## Goal of the exercise
This exercise calls for printing every record exactly once more.

+++ Exercise data

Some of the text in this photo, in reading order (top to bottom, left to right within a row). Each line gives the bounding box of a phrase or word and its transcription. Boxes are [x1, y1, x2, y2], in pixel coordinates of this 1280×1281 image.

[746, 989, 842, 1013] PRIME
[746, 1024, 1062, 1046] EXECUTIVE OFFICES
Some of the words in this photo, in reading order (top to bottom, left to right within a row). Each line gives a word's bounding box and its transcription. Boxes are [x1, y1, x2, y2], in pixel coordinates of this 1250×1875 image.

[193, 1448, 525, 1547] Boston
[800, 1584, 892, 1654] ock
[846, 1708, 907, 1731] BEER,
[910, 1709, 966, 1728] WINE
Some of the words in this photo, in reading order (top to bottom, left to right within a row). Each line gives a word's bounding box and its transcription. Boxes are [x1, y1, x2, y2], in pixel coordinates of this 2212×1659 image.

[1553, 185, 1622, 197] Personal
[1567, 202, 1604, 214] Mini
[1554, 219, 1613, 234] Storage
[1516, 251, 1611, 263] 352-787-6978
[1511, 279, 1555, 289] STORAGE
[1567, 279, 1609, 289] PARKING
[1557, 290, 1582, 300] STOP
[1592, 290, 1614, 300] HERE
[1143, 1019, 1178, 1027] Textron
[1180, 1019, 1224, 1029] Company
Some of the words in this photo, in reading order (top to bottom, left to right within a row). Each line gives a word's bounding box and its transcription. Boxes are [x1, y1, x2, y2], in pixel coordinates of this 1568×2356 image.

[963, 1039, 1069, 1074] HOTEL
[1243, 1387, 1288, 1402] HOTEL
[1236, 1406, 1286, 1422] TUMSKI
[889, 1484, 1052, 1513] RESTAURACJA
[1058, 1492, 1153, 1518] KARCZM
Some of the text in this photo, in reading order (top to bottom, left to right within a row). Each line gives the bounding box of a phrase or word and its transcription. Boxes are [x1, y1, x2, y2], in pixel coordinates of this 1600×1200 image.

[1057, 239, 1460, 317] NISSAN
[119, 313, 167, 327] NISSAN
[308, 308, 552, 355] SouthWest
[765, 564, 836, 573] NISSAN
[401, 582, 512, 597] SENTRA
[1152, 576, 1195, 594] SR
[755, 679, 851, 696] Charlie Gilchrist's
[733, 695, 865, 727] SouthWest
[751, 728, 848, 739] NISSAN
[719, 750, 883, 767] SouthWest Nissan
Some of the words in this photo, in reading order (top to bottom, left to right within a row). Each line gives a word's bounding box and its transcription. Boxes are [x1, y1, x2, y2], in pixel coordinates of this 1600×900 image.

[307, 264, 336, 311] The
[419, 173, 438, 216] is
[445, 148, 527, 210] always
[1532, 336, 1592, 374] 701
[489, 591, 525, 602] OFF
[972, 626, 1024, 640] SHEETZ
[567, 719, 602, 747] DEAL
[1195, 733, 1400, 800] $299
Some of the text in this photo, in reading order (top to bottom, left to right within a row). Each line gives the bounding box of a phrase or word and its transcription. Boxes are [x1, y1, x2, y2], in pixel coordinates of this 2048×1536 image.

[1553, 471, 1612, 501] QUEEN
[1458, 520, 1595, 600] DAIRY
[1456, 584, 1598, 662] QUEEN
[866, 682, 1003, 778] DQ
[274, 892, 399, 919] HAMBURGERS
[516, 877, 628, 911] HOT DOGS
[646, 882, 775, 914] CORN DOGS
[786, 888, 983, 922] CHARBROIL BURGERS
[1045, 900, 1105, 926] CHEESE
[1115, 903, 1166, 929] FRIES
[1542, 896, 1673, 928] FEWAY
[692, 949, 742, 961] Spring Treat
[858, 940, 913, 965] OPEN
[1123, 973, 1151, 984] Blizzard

++++++

## Task answer
Some of the text in this photo, in reading order (top to bottom, left to right within a row). Each line gives the bounding box of a phrase or word and its transcription. Boxes are [x1, y1, x2, y2], in pixel coordinates of this 1280×1281 image.

[746, 989, 842, 1013] PRIME
[746, 1024, 1062, 1046] EXECUTIVE OFFICES
Some of the words in this photo, in reading order (top to bottom, left to right within a row). Each line gives a word's bounding box and its transcription. Boxes are [x1, y1, x2, y2], in pixel coordinates of this 1250×1875 image.

[193, 1448, 525, 1547] Boston
[800, 1584, 892, 1654] ock
[846, 1708, 907, 1731] BEER,
[910, 1709, 966, 1728] WINE
Some of the words in this photo, in reading order (top to bottom, left to right within a row). Each line gives a word's bounding box and its transcription. Boxes are [x1, y1, x2, y2], in pixel coordinates of this 2212×1659 image.

[1553, 185, 1622, 197] Personal
[1567, 202, 1604, 214] Mini
[1554, 219, 1613, 234] Storage
[1516, 251, 1611, 263] 352-787-6978
[1511, 279, 1555, 289] STORAGE
[1567, 279, 1609, 289] PARKING
[1557, 290, 1582, 300] STOP
[1592, 290, 1614, 300] HERE
[1143, 1019, 1178, 1027] Textron
[1180, 1019, 1224, 1029] Company
Some of the words in this photo, in reading order (top to bottom, left to right within a row). Each line gives a word's bounding box and its transcription. Boxes are [x1, y1, x2, y2], in pixel coordinates of this 1568×2356 image.

[963, 1039, 1069, 1074] HOTEL
[1243, 1387, 1288, 1402] HOTEL
[1236, 1406, 1286, 1422] TUMSKI
[889, 1484, 1052, 1513] RESTAURACJA
[1058, 1492, 1153, 1518] KARCZM
Some of the text in this photo, in reading order (top to bottom, left to right within a row). Each line gives the bounding box of a phrase or word and its transcription. Boxes are [x1, y1, x2, y2], in pixel coordinates of this 1600×1200 image.

[1057, 239, 1460, 317] NISSAN
[119, 313, 167, 327] NISSAN
[308, 308, 552, 355] SouthWest
[765, 564, 836, 573] NISSAN
[401, 582, 512, 597] SENTRA
[1152, 576, 1195, 594] SR
[755, 679, 851, 696] Charlie Gilchrist's
[733, 695, 865, 727] SouthWest
[751, 728, 848, 739] NISSAN
[719, 750, 883, 767] SouthWest Nissan
Some of the words in this photo, in reading order (top to bottom, left to right within a row). Each line gives a word's bounding box and its transcription. Boxes are [x1, y1, x2, y2], in pixel coordinates of this 1600×900 image.

[307, 264, 336, 311] The
[419, 173, 438, 216] is
[445, 148, 527, 210] always
[1532, 336, 1592, 374] 701
[489, 591, 525, 602] OFF
[972, 626, 1024, 640] SHEETZ
[567, 719, 602, 747] DEAL
[1195, 733, 1400, 800] $299
Some of the text in this photo, in reading order (top to bottom, left to right within a row). Each line gives the bounding box of a phrase or word and its transcription. Boxes are [x1, y1, x2, y2], in pixel coordinates of this 2048×1536 image.

[1553, 471, 1612, 501] QUEEN
[1458, 520, 1595, 600] DAIRY
[1456, 584, 1598, 662] QUEEN
[866, 682, 1003, 778] DQ
[274, 892, 399, 919] HAMBURGERS
[516, 877, 628, 911] HOT DOGS
[646, 882, 775, 914] CORN DOGS
[786, 888, 983, 922] CHARBROIL BURGERS
[1045, 900, 1105, 926] CHEESE
[1115, 903, 1166, 929] FRIES
[1542, 896, 1673, 928] FEWAY
[692, 949, 742, 961] Spring Treat
[858, 940, 913, 965] OPEN
[1123, 973, 1151, 984] Blizzard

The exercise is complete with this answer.